Monday, October 25, 2004

Better Late Than Never?

Not really. Late contingency planning for post-war chaos will not save those soldiers and civilians killed since Bush's flightsuit fantasy flight. But it might save some lives in the future.

From this morning's Wall Street Journal (subscription):

Defense Secretary Donald Rumsfeld's office has prepared a directive instructing the military's four-star regional commanders to "develop and maintain" new war plans designed to lessen the chance of postwar instability like the situation in Iraq.

The directive, still in draft form, amounts to a concession that prewar planning for Iraq fell short. [snip]
It may amount to a concession, but you can be sure that nobody will take responsibility for that "short fall" and nobody will be punished for it either.

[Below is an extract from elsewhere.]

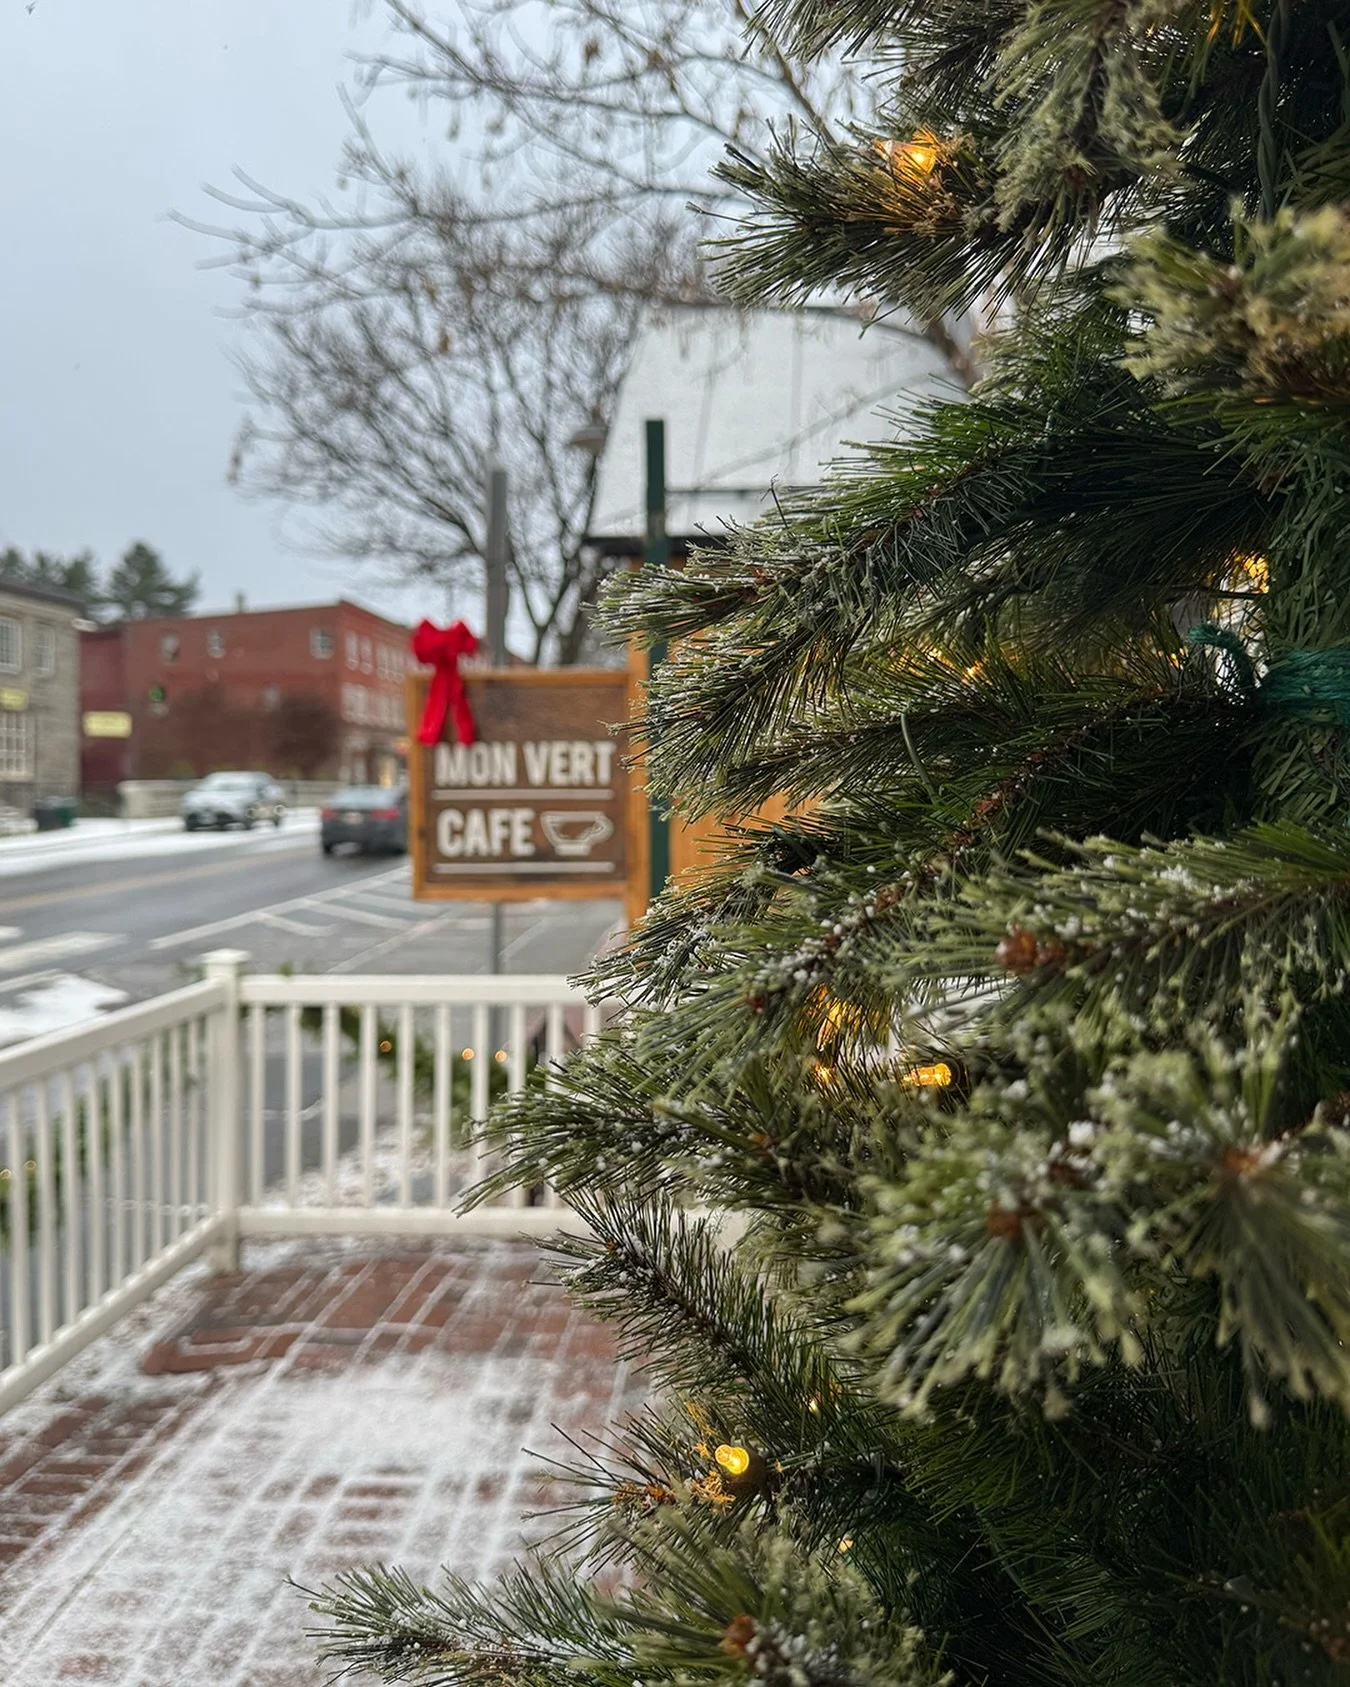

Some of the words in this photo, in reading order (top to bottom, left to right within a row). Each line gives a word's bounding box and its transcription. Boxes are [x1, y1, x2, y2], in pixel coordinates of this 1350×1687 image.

The Pentagon's four-star regional combatant commanders, who each oversee U.S. military operations in wide swaths of the world, would have to devote more resources and attention to posthostility planning in their war plans. In Iraq, plans for the war and postwar periods were largely developed separately. Inherent in the new directive is the idea that a commander might plan the high-intensity part of the war differently if the commander is also thinking about how to stabilize the country after the major fight is over.

[snip]

In contrast to planning for the Iraq war, in which the Defense Department kept civilian agencies largely out of the process, the directive calls for the Pentagon to support the State Department's newly created Office of Stabilization and Reconstruction Operations. State Department officials are working separately to develop reconstruction teams that would work with the military.
Seems that BushCo. is filled with slow learners, from the top, down. If the world is going to change as often and as rapidly as it seems to have done over the past four years, it makes sense to have a President and staff that learns much faster than BushCo. has shown it is capable of.